If you need to repeat a lot of vertices to create geometry, probably drawArrays is not the best way to go. The more vertex data you duplicate, the more calls you will have on the vertex shader. This could reduce the overall application performance since the same vertices have to go through the pipeline several times. One for each time that they appear repeated in the respective VBO.
The signature for drawArrays is:
gl.drawArrays(Mode, First, Count)
Where:
- Mode: Represents the type of primitive that we are going to render. Possible values for mode are:
gl.POINTS, gl.LINE_STRIP, gl.LINE_LOOP, gl.LINES, gl.TRIANGLE_STRIP, gl.TRIANGLE_FAN, andgl.TRIANGLES(more about this in the next section). - First: Specifies the starting element in the enabled arrays.
- Count: The number of elements to be rendered.
Note
From the WebGL specification: "When drawArrays is called, it uses count sequential elements from each enabled array to construct a sequence of geometric primitives, beginning with the element first. Mode specifies what kinds of primitives are constructed and how the array elements construct those primitives."
Unlike the previous case where no IBO was defined, drawElements allows us to use the IBO, to tell WebGL how to render the geometry. Remember that drawArrays
uses VBOs. This means that the vertex shader will process repeated vertices as many times as they appear in the VBO. Contrastingly, drawElements uses indices. Therefore, vertices are processed just once, and can be used as many times as they are defined in the IBO. This feature reduces both the memory and processing required on the GPU.
Let's revisit the following diagram of this chapter:
When we use drawElements, we need at least two buffers: a VBO and an IBO. The vertex shader will get executed on each vertex in the VBO and then the rendering pipeline will assemble the geometry into triangles using the IBO.
The signature for drawElements is:
gl.drawElements(Mode, Count, Type, Offset)
Where:
- Mode: Represents the type of primitive that we are going to render. Possible values for mode are
POINTS, LINE_STRIP, LINE_LOOP, LINES, TRIANGLE_STRIP, TRIANGLE_FAN, andTRIANGLES(more about this later on). - Count: Specifies the number of elements to be rendered.

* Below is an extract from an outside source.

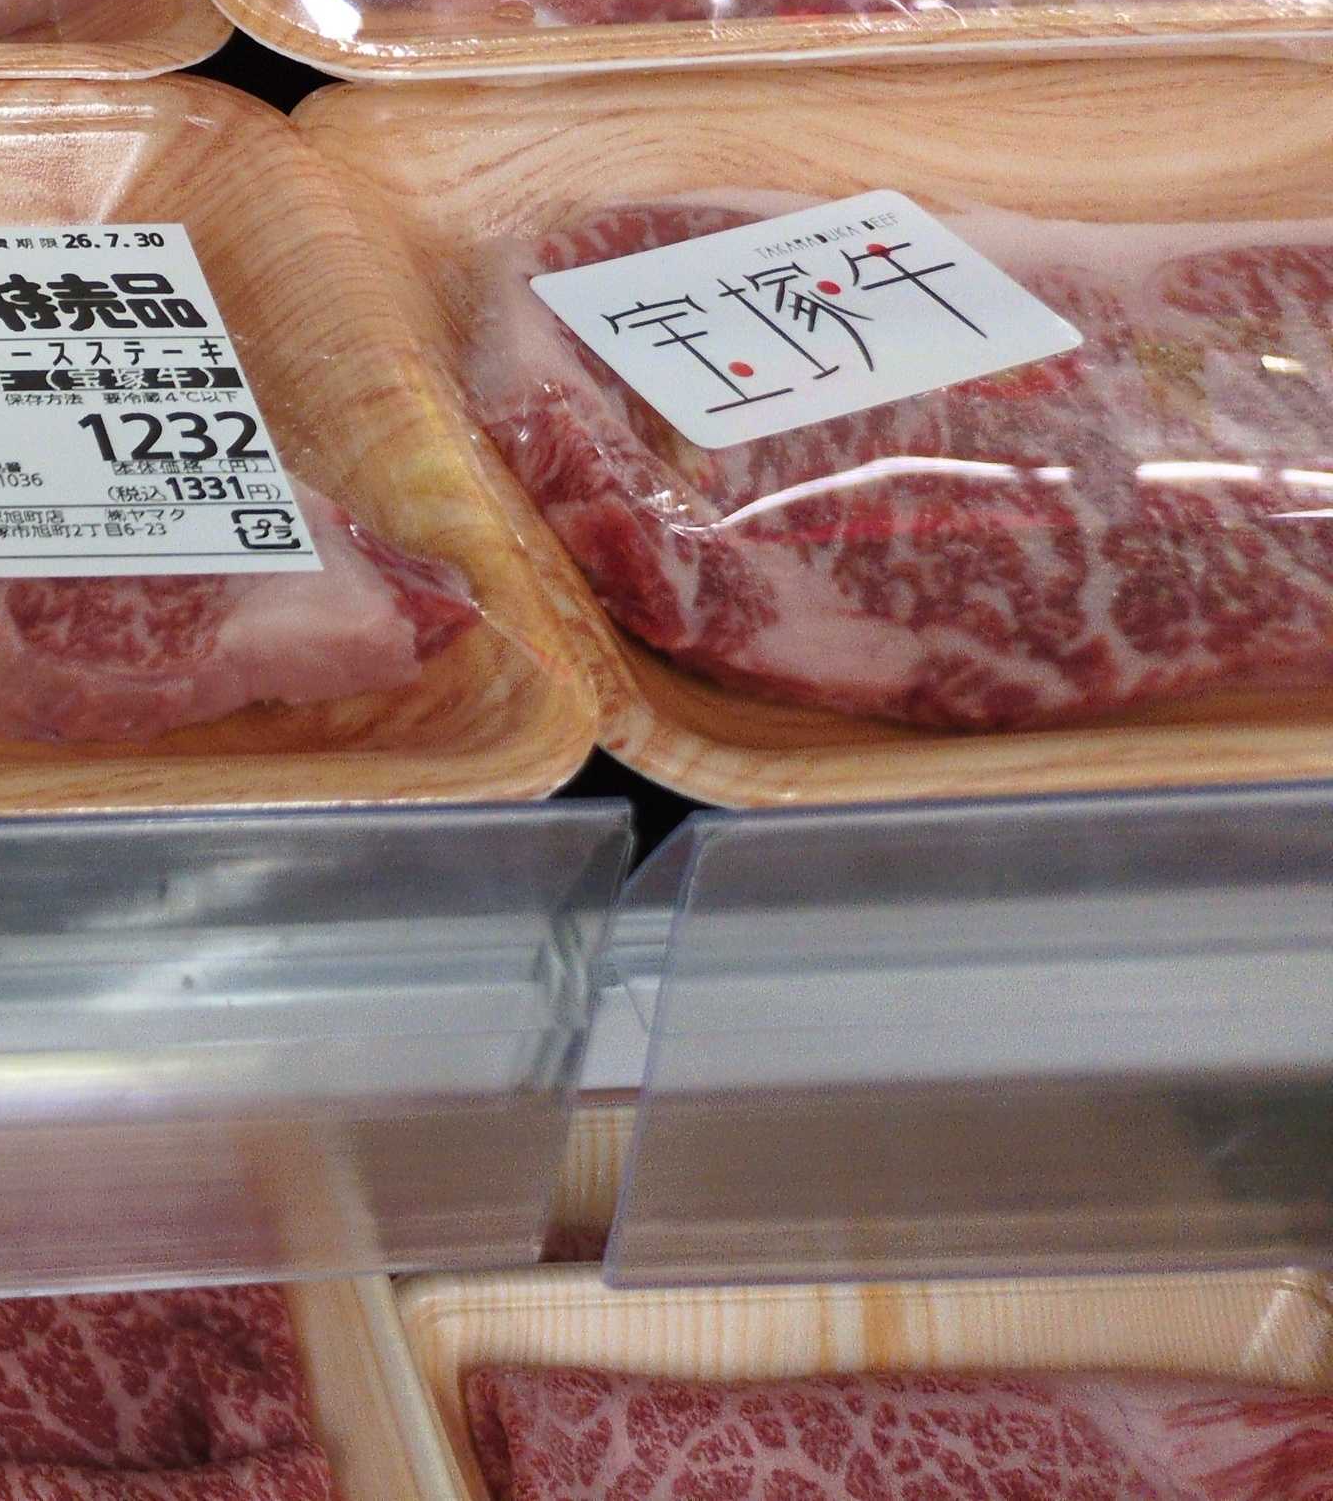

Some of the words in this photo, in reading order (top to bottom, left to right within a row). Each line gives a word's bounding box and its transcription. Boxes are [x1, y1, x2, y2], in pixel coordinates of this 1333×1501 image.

[62, 232, 165, 249] 26.7.30
[601, 242, 988, 414] 宝塚牛
[77, 410, 271, 462] 1232

- Type: Specifies the type of the values in indices. Must be
UNSIGNED_BYTEorUNSIGNED_SHORT, as we are handling indices (integer numbers). - Offset: Indicates which element in the buffer will be the starting point for rendering. It is usually the first element (zero value).
Note
WebGL inherits without any change this function from the OpenGL ES 2.0 specification. The following applies:
"When drawElements is called, it uses count sequential elements from an enabled array, starting at offset to construct a sequence of geometric primitives. Mode specifies what kinds of primitives are constructed and how the array elements construct these primitives. If more than one array is enabled, each is used."